First we note that only the constant polynomials $P \equiv 0$ and $P \equiv 1$, as well als $P \equiv -1$ for odd $k$, satisfy the equation. (This holds true for $k>1$; for $k=1$ any constant polynomial will do.)

Now if $P$ is not constant, then the range $Y = \{ P(x) : x \in \mathbb{R} \}$ of $P$ is an infinite set. For every $y \in Y$ we have $P(y) = y^k$, which means that the polynomial $Q(x) = P(x) - x^k$ is zero on $Y$. Since $Y$ is infinite, this implies that $Q$ is the zero polynomial. In conclusion, $P(x) = x^k$.

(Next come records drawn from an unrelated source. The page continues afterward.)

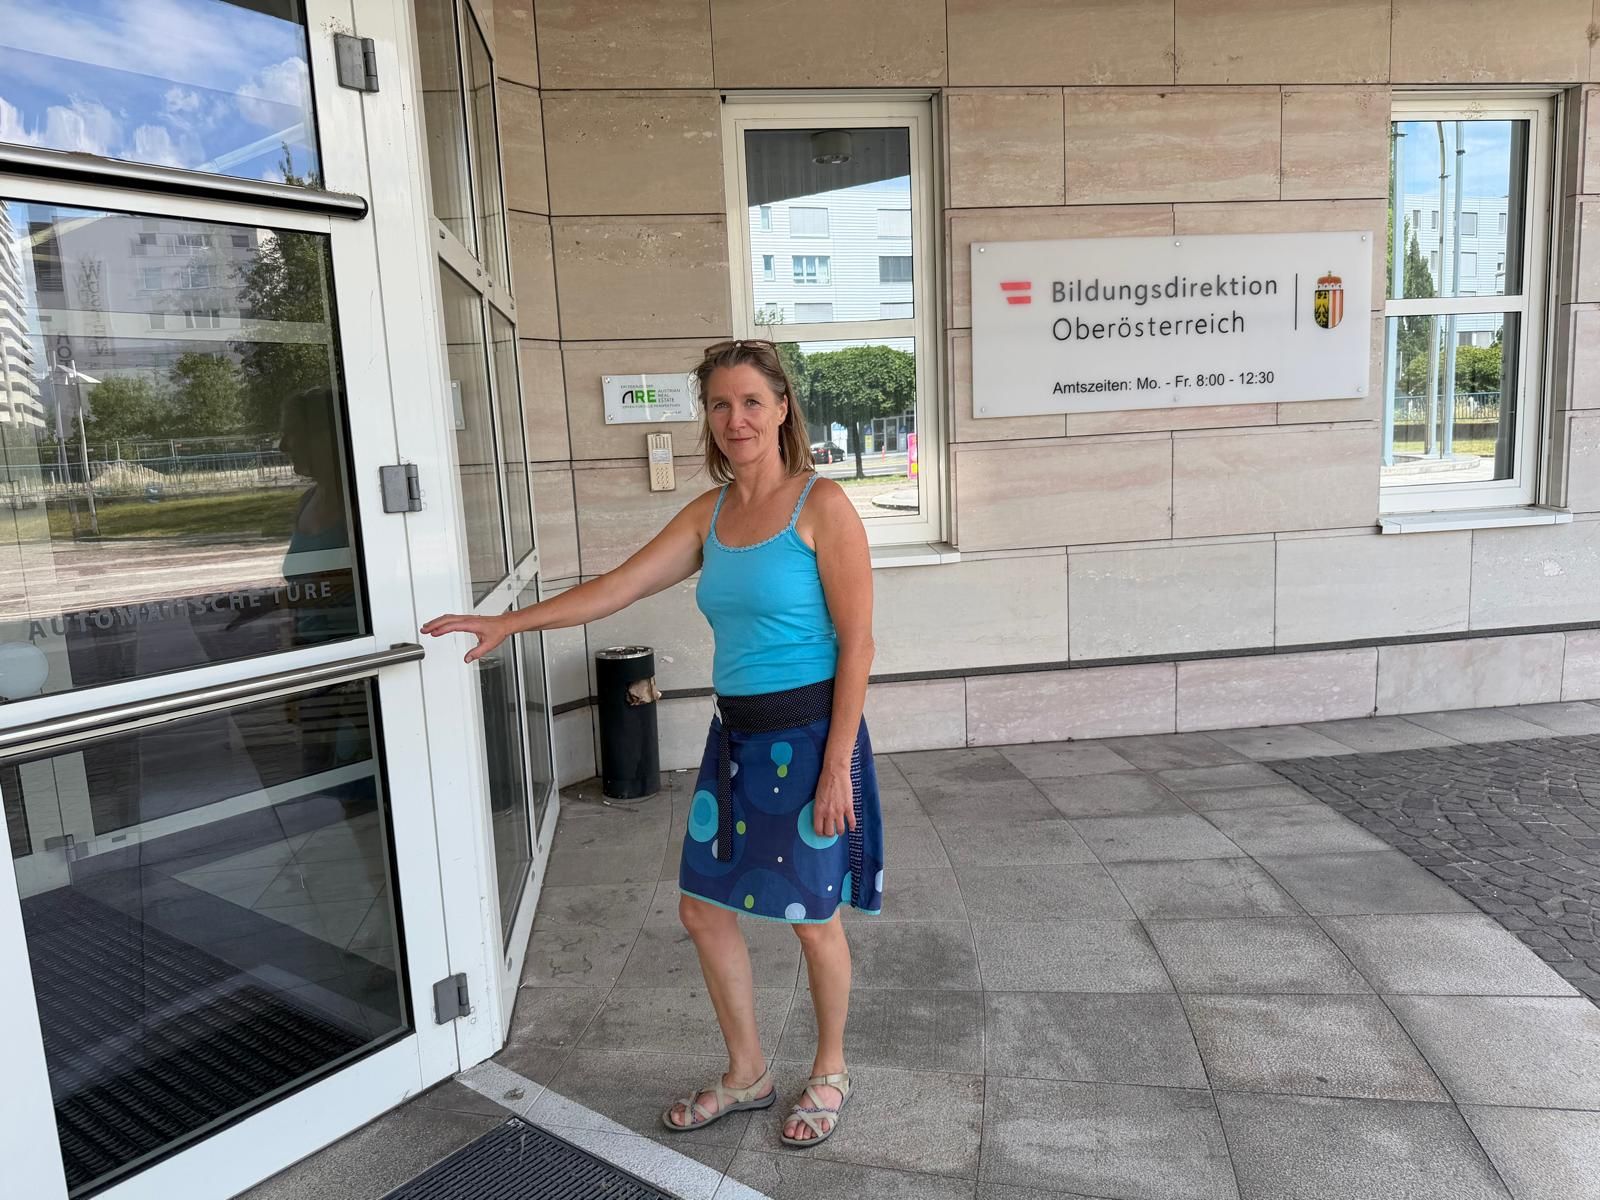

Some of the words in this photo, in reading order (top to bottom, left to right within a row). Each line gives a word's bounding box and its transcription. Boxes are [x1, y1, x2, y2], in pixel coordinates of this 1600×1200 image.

[1052, 274, 1278, 305] Bildungsdirektion
[1052, 310, 1246, 342] Oberösterreich
[1052, 376, 1133, 395] Amtszeiten:
[1136, 376, 1161, 390] Mo.
[1175, 375, 1192, 389] Fr.
[1196, 373, 1225, 388] 8:00
[1238, 371, 1275, 386] 12:30
[28, 590, 262, 641] AUTOMATISCHE
[271, 580, 333, 605] TÜRE

Note, first, that if $P$ is constant, then $P = P^k$, so $P$ can be any real solution of the equation $u^k - u = 0$. From now on, we shall assume that $P$ is not constant.

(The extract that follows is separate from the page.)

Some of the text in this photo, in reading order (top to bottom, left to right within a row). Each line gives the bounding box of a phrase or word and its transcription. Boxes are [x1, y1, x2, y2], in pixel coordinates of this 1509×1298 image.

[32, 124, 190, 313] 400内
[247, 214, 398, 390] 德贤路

Let $P = cx^n + Q$ with $n \ge 1$, $c \ne 0$ and $\deg Q < n$. The equality $P(P(x)) = (P(x))^k$ means $c (cx^n + Q)^n + Q = (cx^n + Q)^k$. Developing this and equating the terms of highest degree, we get that $c^{n+1} x^{n^2} = c^k x^{nk}$, so $n = k$, which implies $c^{k+1} = c^k$. Since $c \ne 0$ we get $c = 1$.

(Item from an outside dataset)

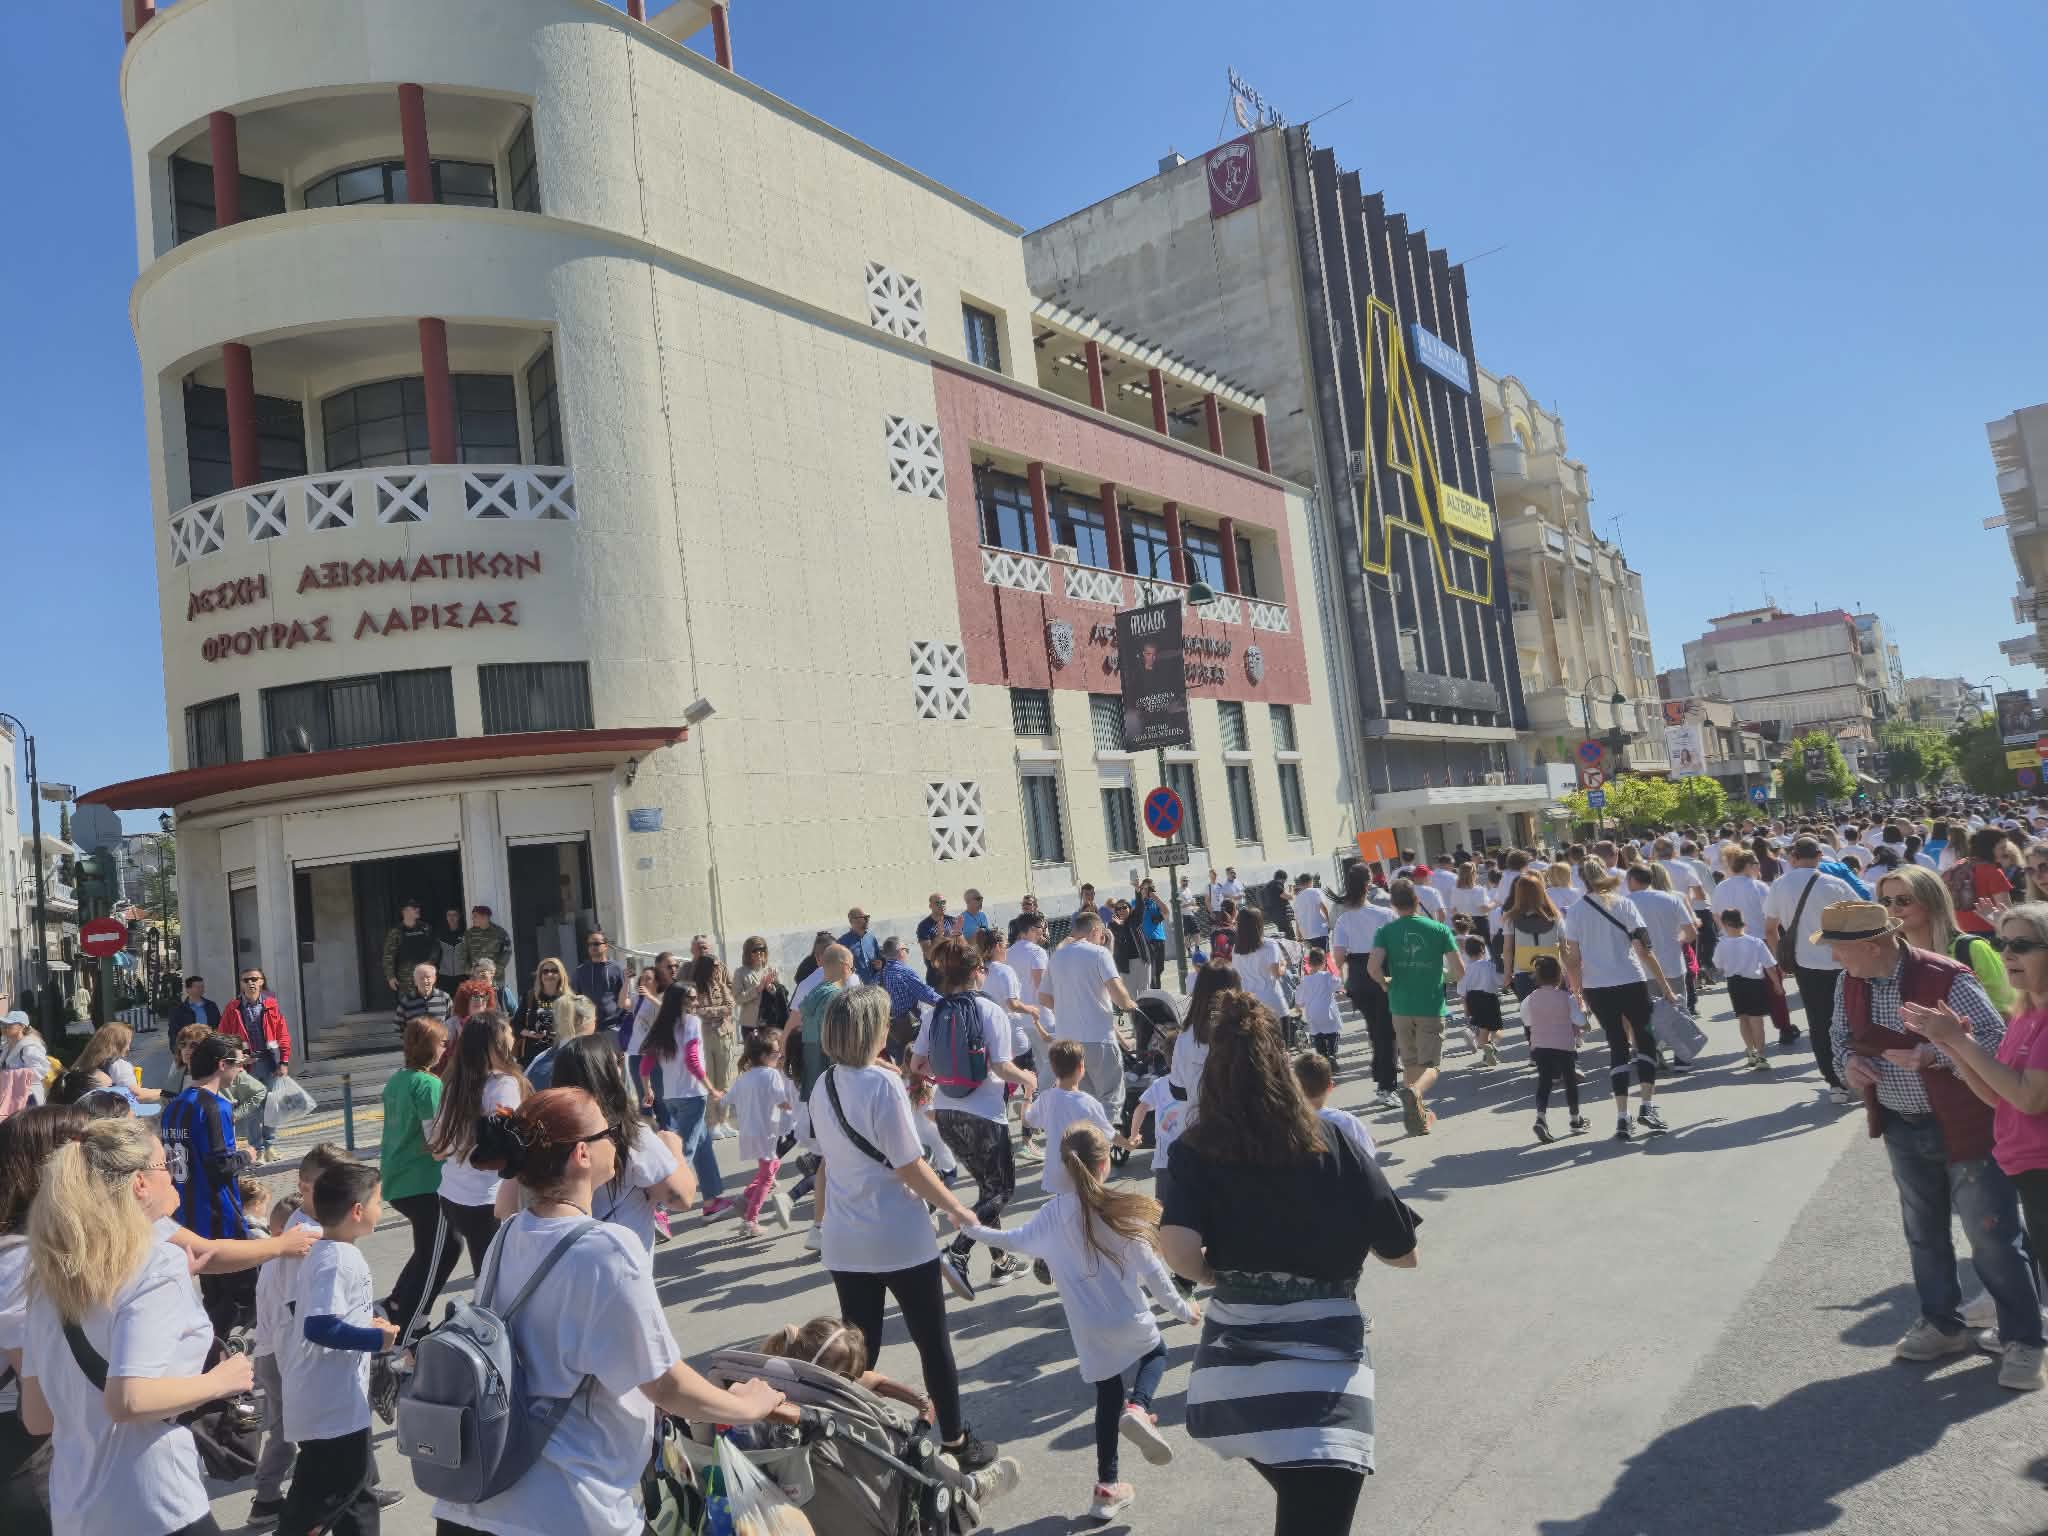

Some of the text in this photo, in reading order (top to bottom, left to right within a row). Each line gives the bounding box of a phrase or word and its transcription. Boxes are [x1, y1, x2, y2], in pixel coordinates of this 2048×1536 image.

[187, 550, 542, 621] ΛΕΣΧΗ ΑΞΙΩΜΑΤΙΚΩΝ
[201, 600, 519, 662] ΦΡΟΥΡΑΣ ΛΑΡΙΣΑΣ

Rewriting the conclusion above gives $(x^k + Q)^k + Q = (x^k + Q)^k$, i.e. $Q=0$, so $P = x^k$.

Therefore, the only solutions are the roots of the equation $u^k - u = 0$ and $x^k$.

Let $\deg(P(x))=n$,then $\deg(P(P(x)))=n^2,\deg(P(x))^k=nk$,so $n=k$ or $n=0$,

if $n=0$, it easy to find $P(x)=1$

if $n=k$, then let $$P(x)=a_{k}x^k+a_{k-1}x^{k-1}+\cdots+a_{0}$$ then $$[x^{k^2}](P(P(x))=(a_{k})^{k+1},[x^{k^2}](P(x))^k=(a_{k})^k$$ so we have $$a_{k}=1$$ so $$P(x)=x^k+a_{k-1}x^{k-1}+\cdots+a_{0}$$ so we have $$P(P(x))=(x^k+a_{k-1}x^{k-1}+\cdots+a_{0})^k+a_{k-1}(x^k+a_{k-1}x^{k-1}+\cdots+a_{0})^{k-1}+\cdots+a_{0}$$ and $$(P(x))^k=(x^k+a_{k-1}x^{k-1}+\cdots+a_{0})^k$$ so have $$a_{k-1}=a_{k-2}=\cdots=a_{0}=0$$